6.       Hipertansiyon tedavisi nasıl olur?
Tedavide iki önemli öge vardır:

  1. İlaç tedavisi
  2. Yaşam tarzı değişiklikleri

    Doktorunuzun size uygun gördüğü ilaçları kullanmak yüksek tansiyon hastası olarak yaşamak ve kan basıncını kontrol altında tutmak çok önemlidir. Kişiye en doğru ve uygun kombinasyonu bulmak için ilaçlar arasında çeşitli değişiklikler yapılabilir. 65 yaşından küçük sağlıklı kişiler, 10 sene içerisinde kardiyovasküler hastalık geliştirme ihtimali % 10'un üzerinde olan bireyler ve kronik böbrek, koroner arter veya şeker hastalığı olan kişilerde kan basıncı hedefi 130/ 80 mm hg'nin altında tutmaktır. 65 yaş üstü kişilerde ise kan basıncı hedefimiz ise 140/ 80 mm hg'nin altıdır.

    İlaçlar kadar önemli olan diğer öge, tuz tüketiminin azaltılması, kilo kontrolünün sağlanması, düzenli egzersiz, aktif ya da pasif olarak tütün dumanına maruz kalınmasının sonlandırılması, başarılı stres yönetimim gibi yaşam tarzı değişiklikleridir.

Yaşam tarzında değişikliğe gitmek, ilaçlara olan ihtiyacı azaltabilmektedir, ancak doktor önerisi olmadıkça ilaçların kesilmesi ve dozajlarının değiştirilmesi uygun değildir. Halk arasında kabul gören, ilaçların bağımlılık yaptığı veya böbrekler ve diğer organlara zarar verdiği inanışı doğru değildir. Organlara en büyük hasarı tedavi edilmeyen ve kontrolsüz hipertansiyonun verdiği unutulmamalıdır. İlaç uyumuna dikkat eden ve yaşam tarzı değişikliklerini uygulayan kişilerde hipertansiyon kontrol altına alınmaktadır. Hipertansiyon tedavisinde başarı büyük oranda hastaya bağlıdır, bu başarıda hekim kontrolü ve hasta uyumu kilit roldedir.

 

7.       Dirençli hipertansiyon nedir? Tedavisi nasıldır?
En az birisi diüretik (idrar söktürücü) olmak kaydıyla, en az üç farklı hipertansiyon ilacı kullanılmasına rağmen, kişinin kan basıncı değerleri hala yüksek seyrediyorsa, dirençli hipertansiyondan bahsedilir.

Son yıllarda bu tarz hastalarda çoklu ilaç kullanımı azaltmak ve kan basıncını daha iyi kontrol altına almak amacıyla geliştirilen yöntemlerden bir tanesi 'Renal Denervasyon'dur.

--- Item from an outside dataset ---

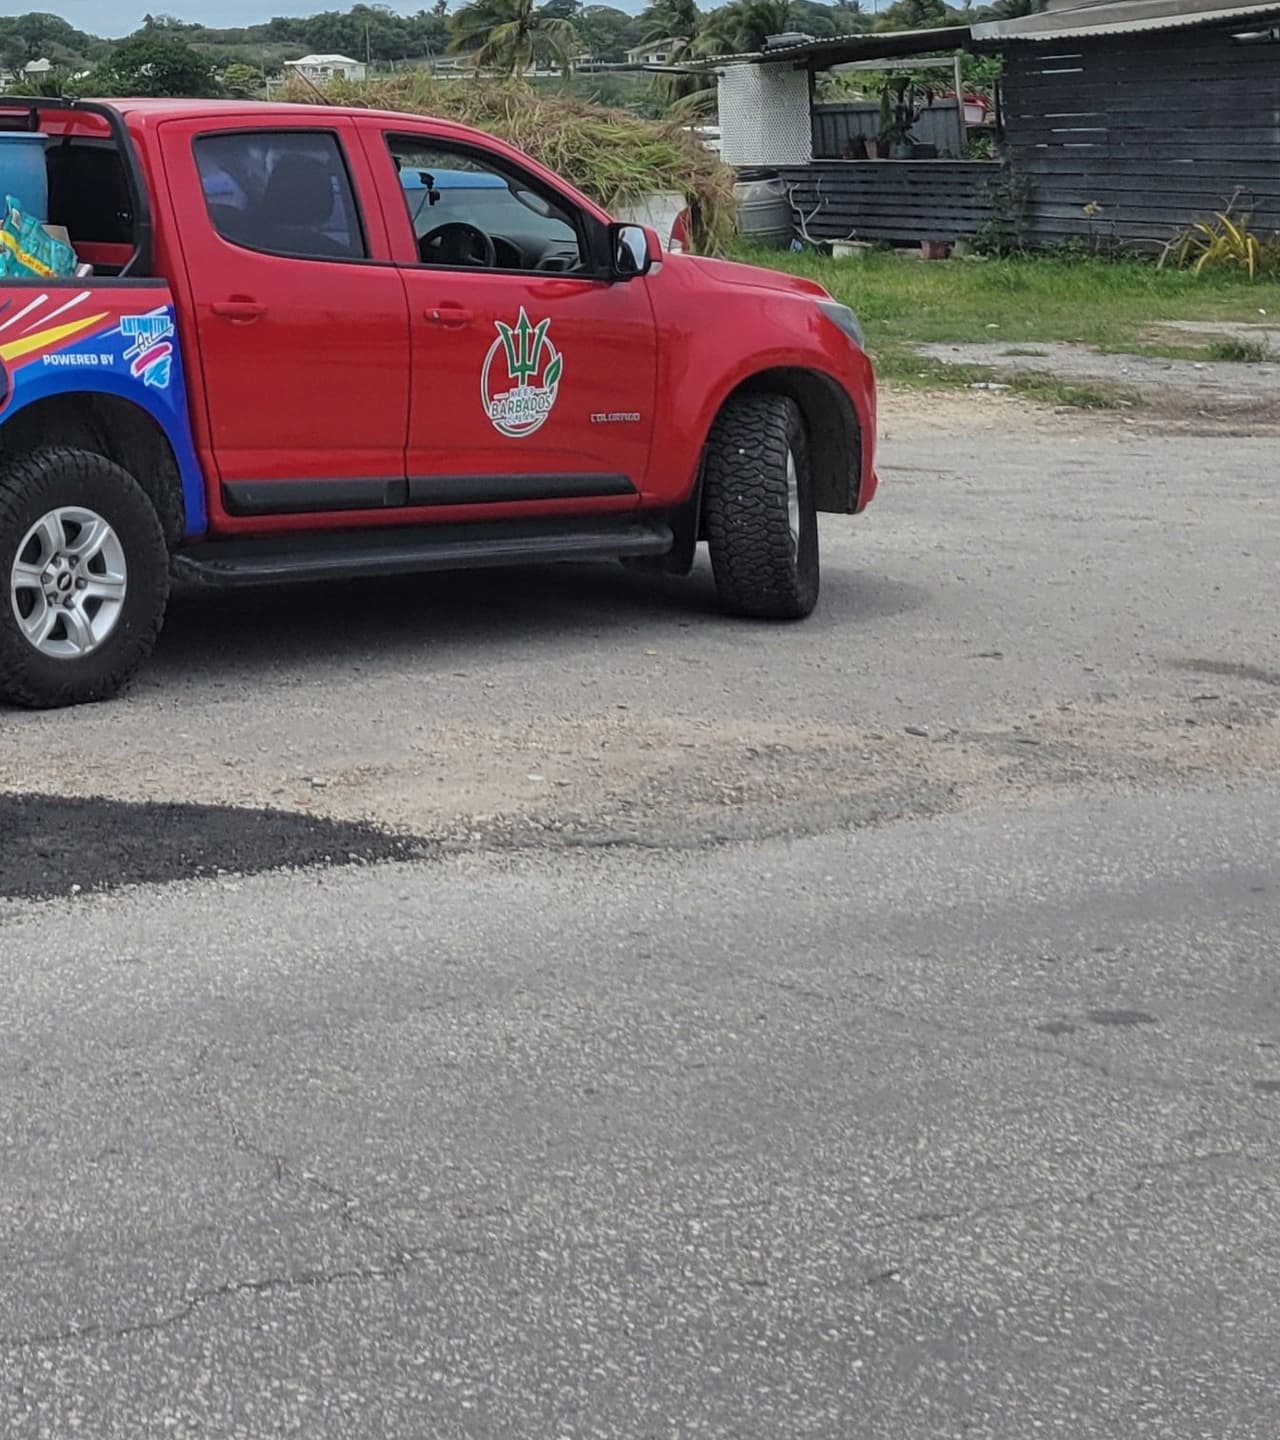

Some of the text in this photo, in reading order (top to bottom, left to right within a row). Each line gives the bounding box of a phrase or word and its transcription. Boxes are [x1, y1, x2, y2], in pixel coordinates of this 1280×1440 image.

[42, 353, 114, 366] POWERED BY
[491, 395, 552, 417] BARBADOS

Bu yöntemde kasıktan atardamarlar yoluyla girilerek, böbrek damarlarına ulaşıp, buraya gelen sinirlere düşük enerjili radyo dalgası sistemiyle yakma veya küntleştirme yapılmaktadır.

Bu tarz yöntemlerin kullanımı, ilaçlarla kontrol edilemeyen durumlarda gündeme gelir. İlaçlarla kontrol edilebilen kan basıncında bu tarz tedavilerin yeri yoktur.